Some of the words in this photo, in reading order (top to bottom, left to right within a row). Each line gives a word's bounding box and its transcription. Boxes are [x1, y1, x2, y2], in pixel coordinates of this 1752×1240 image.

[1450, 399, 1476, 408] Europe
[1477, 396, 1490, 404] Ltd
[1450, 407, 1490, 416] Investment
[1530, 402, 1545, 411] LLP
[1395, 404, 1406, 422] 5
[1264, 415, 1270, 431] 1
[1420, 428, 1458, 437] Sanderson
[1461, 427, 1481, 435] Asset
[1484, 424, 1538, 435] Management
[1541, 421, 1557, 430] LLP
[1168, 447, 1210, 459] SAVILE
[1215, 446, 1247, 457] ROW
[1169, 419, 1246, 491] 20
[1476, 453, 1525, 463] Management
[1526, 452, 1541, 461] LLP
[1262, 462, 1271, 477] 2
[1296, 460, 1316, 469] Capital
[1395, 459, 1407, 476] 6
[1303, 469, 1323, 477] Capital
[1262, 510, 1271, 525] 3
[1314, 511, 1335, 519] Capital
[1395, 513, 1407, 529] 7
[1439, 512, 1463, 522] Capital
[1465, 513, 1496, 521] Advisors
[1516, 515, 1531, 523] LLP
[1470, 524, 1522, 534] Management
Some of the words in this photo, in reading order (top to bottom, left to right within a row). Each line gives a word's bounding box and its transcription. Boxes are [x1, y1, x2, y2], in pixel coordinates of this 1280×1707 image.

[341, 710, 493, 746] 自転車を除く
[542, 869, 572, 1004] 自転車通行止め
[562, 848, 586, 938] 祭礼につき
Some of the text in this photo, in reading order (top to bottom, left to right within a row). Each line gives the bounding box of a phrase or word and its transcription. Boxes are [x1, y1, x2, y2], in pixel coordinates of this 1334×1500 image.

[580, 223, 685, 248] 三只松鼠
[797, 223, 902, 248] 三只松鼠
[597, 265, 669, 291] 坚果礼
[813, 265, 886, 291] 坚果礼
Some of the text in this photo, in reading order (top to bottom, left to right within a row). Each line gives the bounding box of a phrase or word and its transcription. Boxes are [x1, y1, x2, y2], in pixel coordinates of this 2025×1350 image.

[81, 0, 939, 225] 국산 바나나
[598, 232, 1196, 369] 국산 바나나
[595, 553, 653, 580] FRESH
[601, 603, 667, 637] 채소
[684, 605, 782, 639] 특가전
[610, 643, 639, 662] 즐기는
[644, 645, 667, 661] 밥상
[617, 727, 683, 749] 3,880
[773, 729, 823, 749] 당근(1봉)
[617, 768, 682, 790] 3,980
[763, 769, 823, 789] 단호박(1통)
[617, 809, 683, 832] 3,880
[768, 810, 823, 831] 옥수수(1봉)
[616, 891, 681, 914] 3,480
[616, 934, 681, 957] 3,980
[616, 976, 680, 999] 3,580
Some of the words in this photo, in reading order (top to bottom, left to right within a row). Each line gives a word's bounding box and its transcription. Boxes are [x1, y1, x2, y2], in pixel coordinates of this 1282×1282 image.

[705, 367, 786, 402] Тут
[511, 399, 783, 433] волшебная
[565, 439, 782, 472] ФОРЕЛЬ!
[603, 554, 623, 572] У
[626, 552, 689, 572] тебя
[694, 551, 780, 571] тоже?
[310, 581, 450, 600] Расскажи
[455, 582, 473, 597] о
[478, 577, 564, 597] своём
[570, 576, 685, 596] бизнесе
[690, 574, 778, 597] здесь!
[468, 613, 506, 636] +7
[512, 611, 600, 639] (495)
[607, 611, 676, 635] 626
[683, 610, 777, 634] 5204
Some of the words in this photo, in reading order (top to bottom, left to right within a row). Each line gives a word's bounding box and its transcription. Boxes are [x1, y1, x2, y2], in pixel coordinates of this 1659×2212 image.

WHAT TO PRODUCE: Your task is to reproduce all of the records exactly.

EXERCISE OUTPUT:
Some of the words in this photo, in reading order (top to bottom, left to right within a row). Each line gives a word's bounding box and its transcription. Boxes are [x1, y1, x2, y2], in pixel coordinates of this 1752×1240 image.

[1450, 399, 1476, 408] Europe
[1477, 396, 1490, 404] Ltd
[1450, 407, 1490, 416] Investment
[1530, 402, 1545, 411] LLP
[1395, 404, 1406, 422] 5
[1264, 415, 1270, 431] 1
[1420, 428, 1458, 437] Sanderson
[1461, 427, 1481, 435] Asset
[1484, 424, 1538, 435] Management
[1541, 421, 1557, 430] LLP
[1168, 447, 1210, 459] SAVILE
[1215, 446, 1247, 457] ROW
[1169, 419, 1246, 491] 20
[1476, 453, 1525, 463] Management
[1526, 452, 1541, 461] LLP
[1262, 462, 1271, 477] 2
[1296, 460, 1316, 469] Capital
[1395, 459, 1407, 476] 6
[1303, 469, 1323, 477] Capital
[1262, 510, 1271, 525] 3
[1314, 511, 1335, 519] Capital
[1395, 513, 1407, 529] 7
[1439, 512, 1463, 522] Capital
[1465, 513, 1496, 521] Advisors
[1516, 515, 1531, 523] LLP
[1470, 524, 1522, 534] Management
Some of the words in this photo, in reading order (top to bottom, left to right within a row). Each line gives a word's bounding box and its transcription. Boxes are [x1, y1, x2, y2], in pixel coordinates of this 1280×1707 image.

[341, 710, 493, 746] 自転車を除く
[542, 869, 572, 1004] 自転車通行止め
[562, 848, 586, 938] 祭礼につき
Some of the text in this photo, in reading order (top to bottom, left to right within a row). Each line gives the bounding box of a phrase or word and its transcription. Boxes are [x1, y1, x2, y2], in pixel coordinates of this 1334×1500 image.

[580, 223, 685, 248] 三只松鼠
[797, 223, 902, 248] 三只松鼠
[597, 265, 669, 291] 坚果礼
[813, 265, 886, 291] 坚果礼
Some of the text in this photo, in reading order (top to bottom, left to right within a row). Each line gives the bounding box of a phrase or word and its transcription. Boxes are [x1, y1, x2, y2], in pixel coordinates of this 2025×1350 image.

[81, 0, 939, 225] 국산 바나나
[598, 232, 1196, 369] 국산 바나나
[595, 553, 653, 580] FRESH
[601, 603, 667, 637] 채소
[684, 605, 782, 639] 특가전
[610, 643, 639, 662] 즐기는
[644, 645, 667, 661] 밥상
[617, 727, 683, 749] 3,880
[773, 729, 823, 749] 당근(1봉)
[617, 768, 682, 790] 3,980
[763, 769, 823, 789] 단호박(1통)
[617, 809, 683, 832] 3,880
[768, 810, 823, 831] 옥수수(1봉)
[616, 891, 681, 914] 3,480
[616, 934, 681, 957] 3,980
[616, 976, 680, 999] 3,580
Some of the words in this photo, in reading order (top to bottom, left to right within a row). Each line gives a word's bounding box and its transcription. Boxes are [x1, y1, x2, y2], in pixel coordinates of this 1282×1282 image.

[705, 367, 786, 402] Тут
[511, 399, 783, 433] волшебная
[565, 439, 782, 472] ФОРЕЛЬ!
[603, 554, 623, 572] У
[626, 552, 689, 572] тебя
[694, 551, 780, 571] тоже?
[310, 581, 450, 600] Расскажи
[455, 582, 473, 597] о
[478, 577, 564, 597] своём
[570, 576, 685, 596] бизнесе
[690, 574, 778, 597] здесь!
[468, 613, 506, 636] +7
[512, 611, 600, 639] (495)
[607, 611, 676, 635] 626
[683, 610, 777, 634] 5204
Some of the words in this photo, in reading order (top to bottom, left to right within a row). Each line gives a word's bounding box and its transcription. Boxes are [x1, y1, x2, y2], in pixel coordinates of this 1659×2212 image.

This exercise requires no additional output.